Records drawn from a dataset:
┄┄┄┄┄┄┄┄┄┄┄┄┄┄┄┄┄┄┄┄

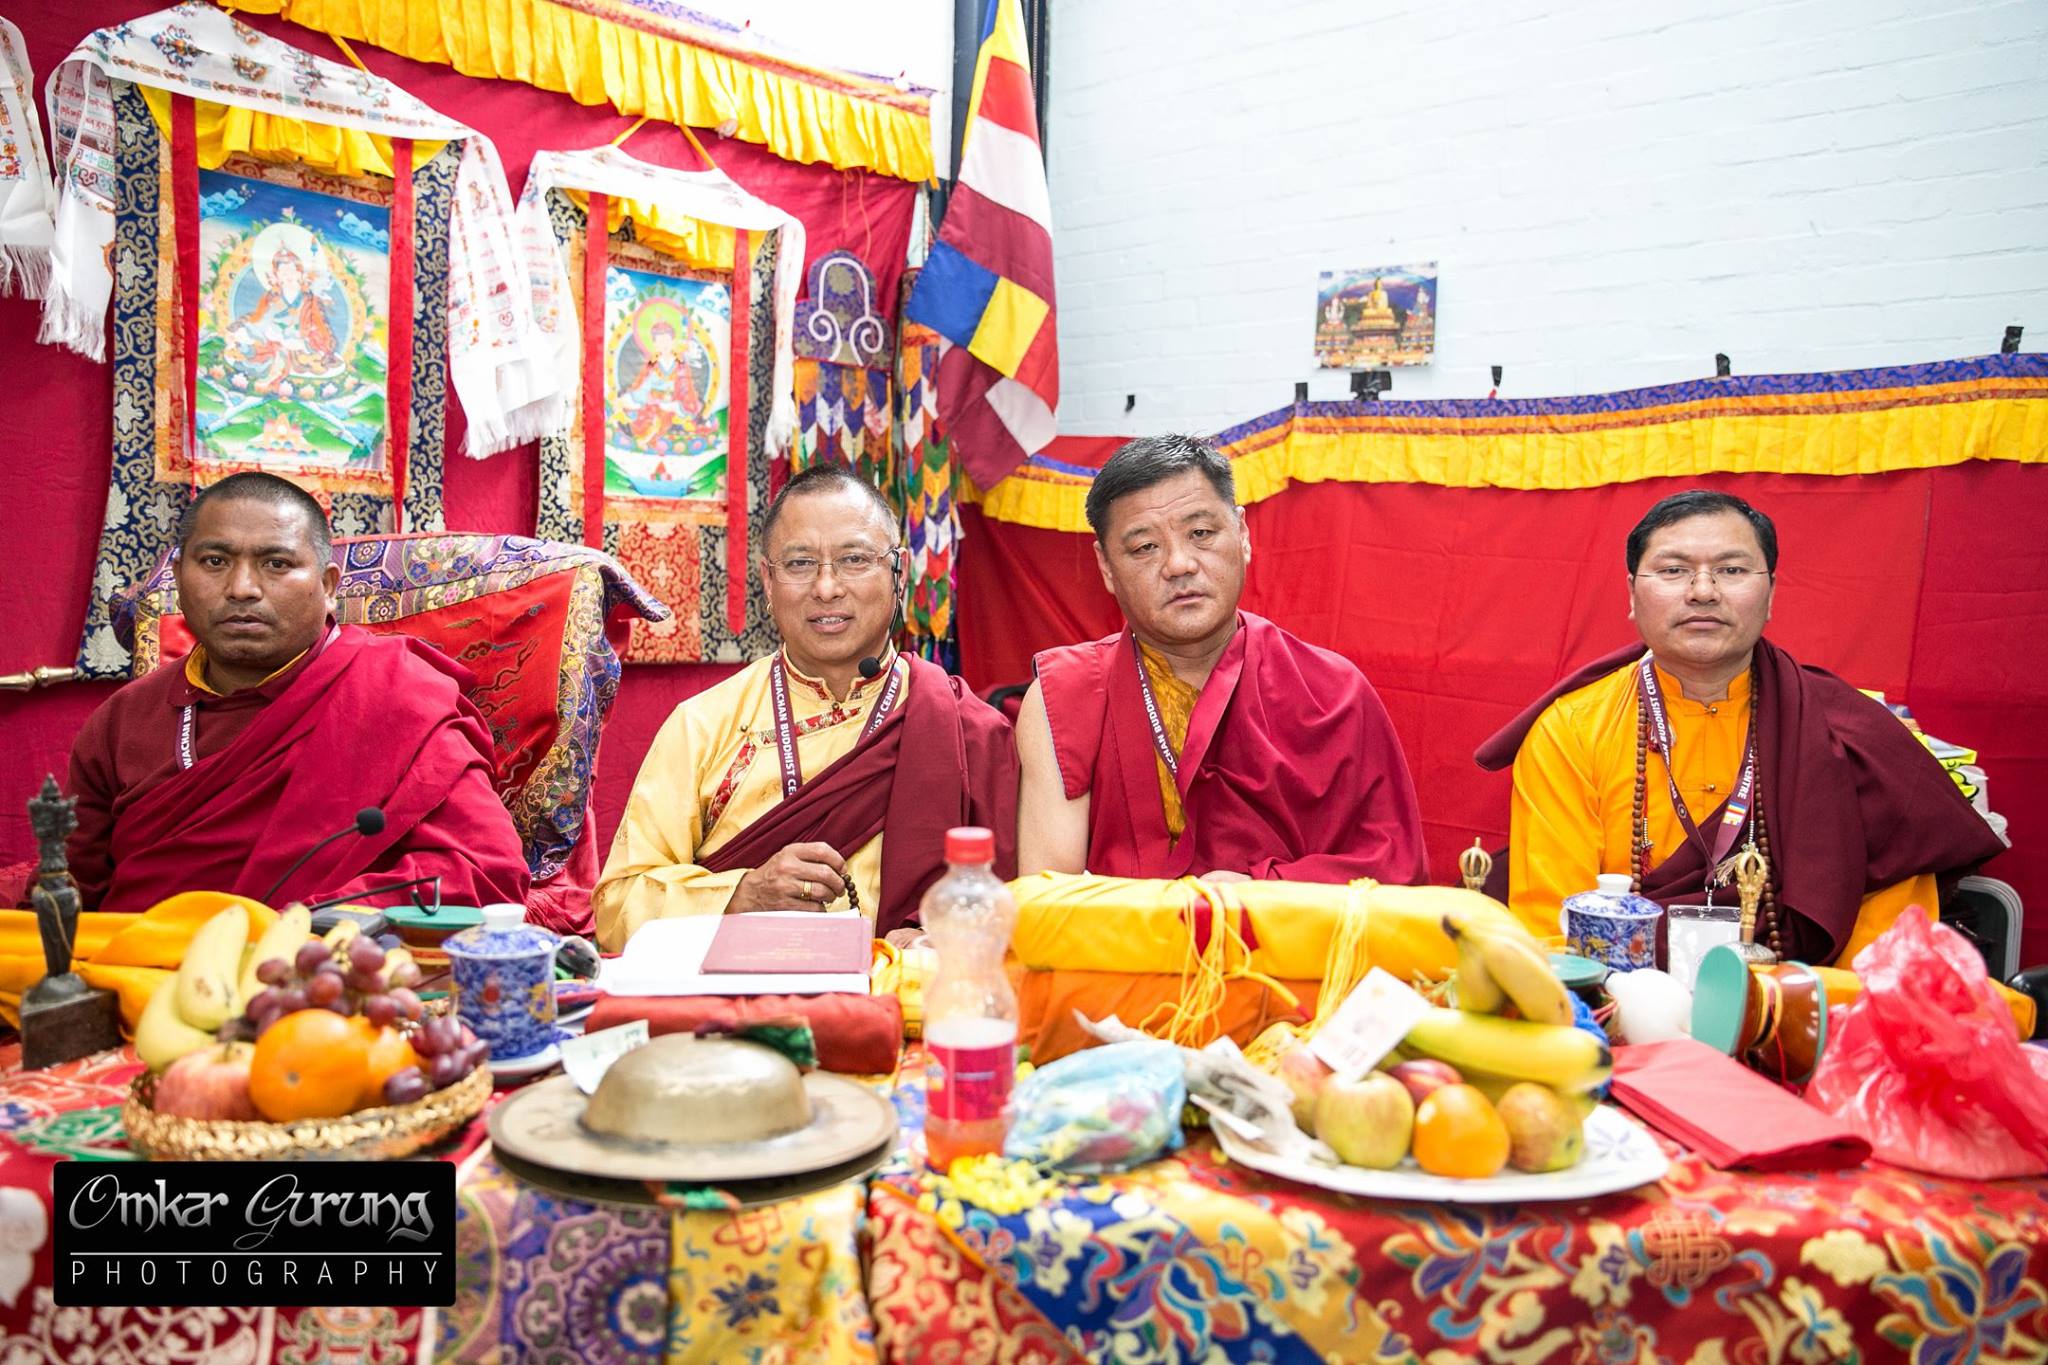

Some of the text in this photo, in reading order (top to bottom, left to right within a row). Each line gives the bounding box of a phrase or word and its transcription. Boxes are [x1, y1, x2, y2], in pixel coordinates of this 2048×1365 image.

[880, 674, 899, 712] CENTRE
[773, 664, 797, 796] DEWACHAN BUDDHIST CE
[1649, 696, 1667, 743] BUDDHIST
[1157, 732, 1178, 773] ACHAN

┄┄┄┄┄┄┄┄┄┄┄┄┄┄┄┄┄┄┄┄

## Aim of the task
Could you repeat the entries word for word, skipping the pictures they contain?

## Task answer
Some of the text in this photo, in reading order (top to bottom, left to right within a row). Each line gives the bounding box of a phrase or word and its transcription. Boxes are [x1, y1, x2, y2], in pixel coordinates of this 2048×1365 image.

[880, 674, 899, 712] CENTRE
[773, 664, 797, 796] DEWACHAN BUDDHIST CE
[1649, 696, 1667, 743] BUDDHIST
[1157, 732, 1178, 773] ACHAN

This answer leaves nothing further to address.